Police brutality victim’s prison death provokes furious Twitter reaction
The Prison and Probation Ombudsman has launched a probe into the circumstances of Sarah Reed’s death, a standard procedure for all prison deaths.
Reed’s family told civil rights campaigner Lee Jasper they were told she strangled herself while lying in bed, something they believe is physically impossible.
Reed’s relatives claimed they were not allowed to see the 32-year-old’s body when they visited the prison, even though they had been called in to identify her.
The Ministry of Justice (MoJ) has not confirmed the details of the death, though a prison service spokesperson said in a statement: “HMP Holloway prisoner Sarah Reed… was found unresponsive in her cell at 8am on January 11.
“Prison staff attempted CPR, but she was pronounced dead shortly after.”
In thousands of tweets over the last 24 hours alone, outraged social media users have decried what they see as the mainstream media’s apathy to Reed’s death.
Reed, who reportedly suffered a history of mental illness and addiction since the death of her newborn in 2003, made headlines in 2012 when PC James Kiddie was caught on CCTV dragging her by her hair and kicking and punching her in the face after she was arrested for shoplifting in London’s Regent Street.
The mainstream British media have said nothing about #SarahReed— George The Poet (@GeorgeThePoet) February 3, 2016
Kiddie, who had been the subject of previous complaints for misconduct, was subsequently found guilty of assault and dismissed from the force.

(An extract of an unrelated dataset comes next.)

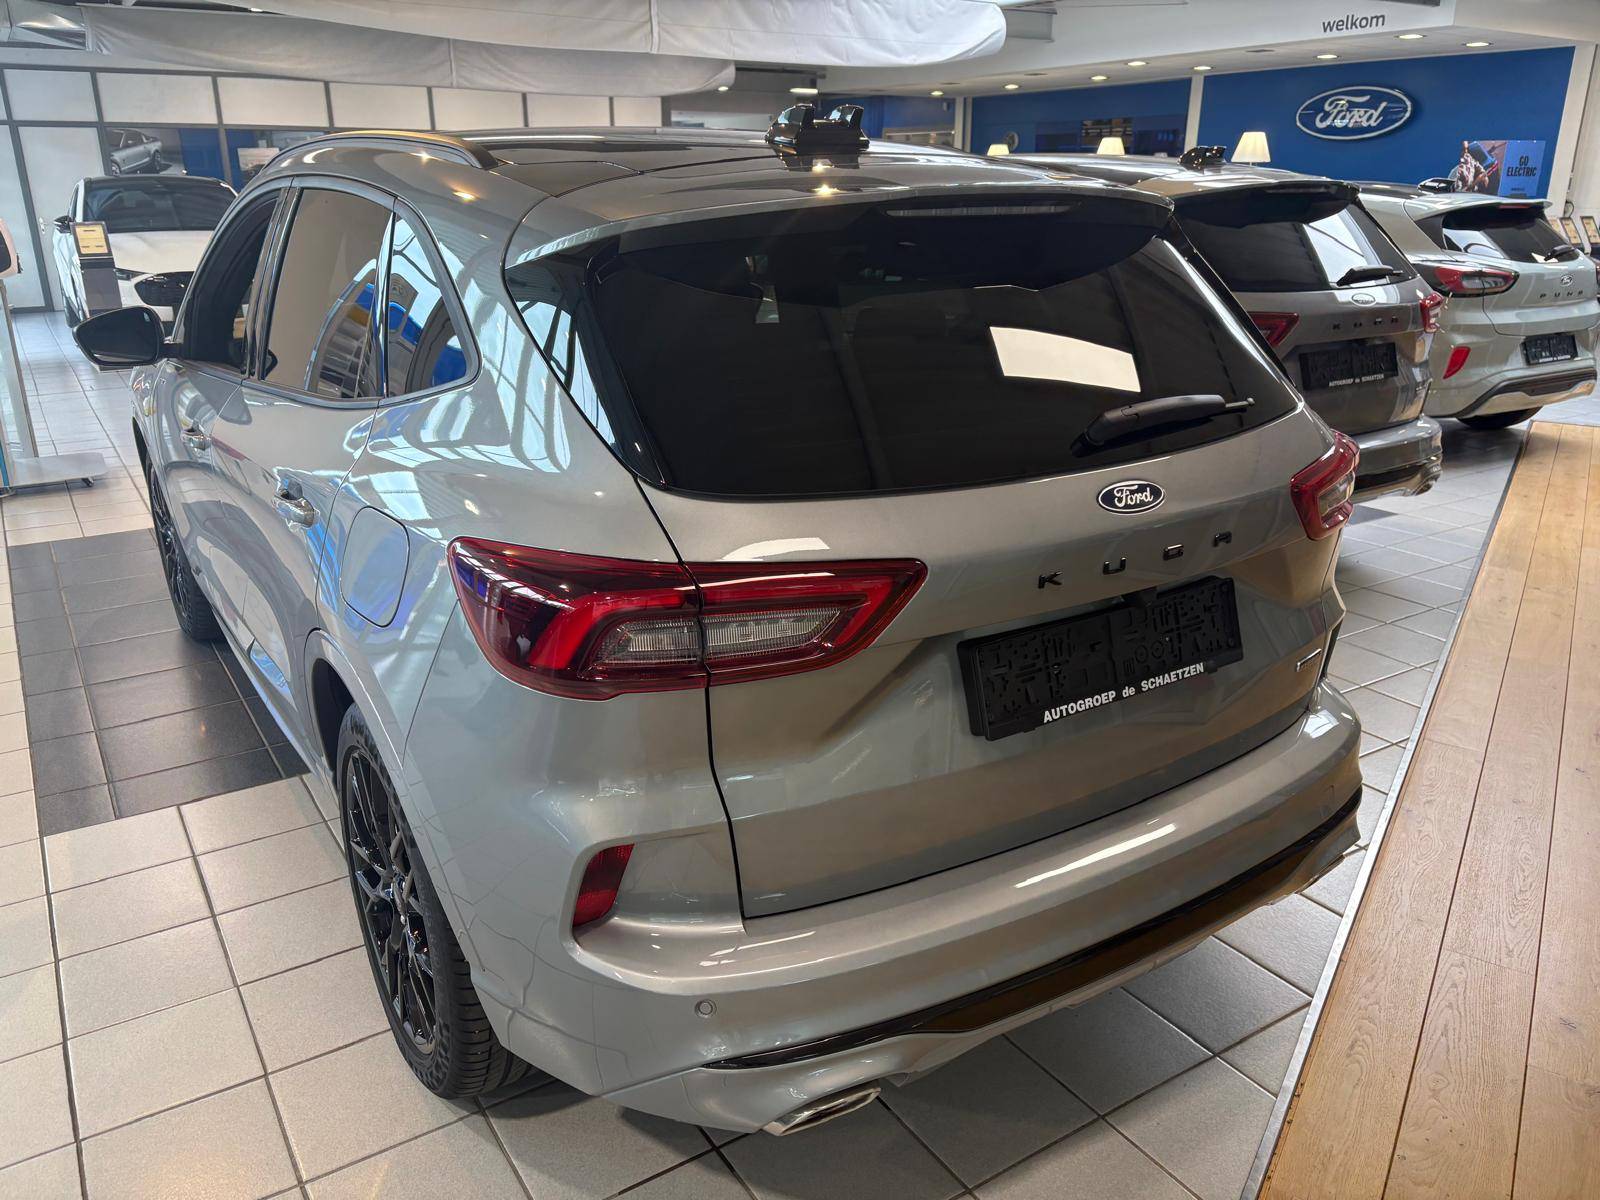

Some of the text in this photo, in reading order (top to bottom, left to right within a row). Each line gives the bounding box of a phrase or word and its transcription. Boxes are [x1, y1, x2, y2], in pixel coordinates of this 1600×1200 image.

In 2011, the officer had sprayed CS gas directly into a face of protesters during UK Uncut tax avoidance protests.
Jasper wrote in a blog post: “This is the awful tragic life of a black woman who lost her newborn baby, becomes mentally ill, then falls victim to a horrendous police assault and an attempted rape.
“A black woman who was then wrongly arrested yet again, denied medical treatment and then was subsequently found dead in suspicious circumstances whilst lying on her bed in a prison cell.
“This is a horrific tale of institutional racism, sexual violence, corruption and brutal incompetence/negligence that defies belief.”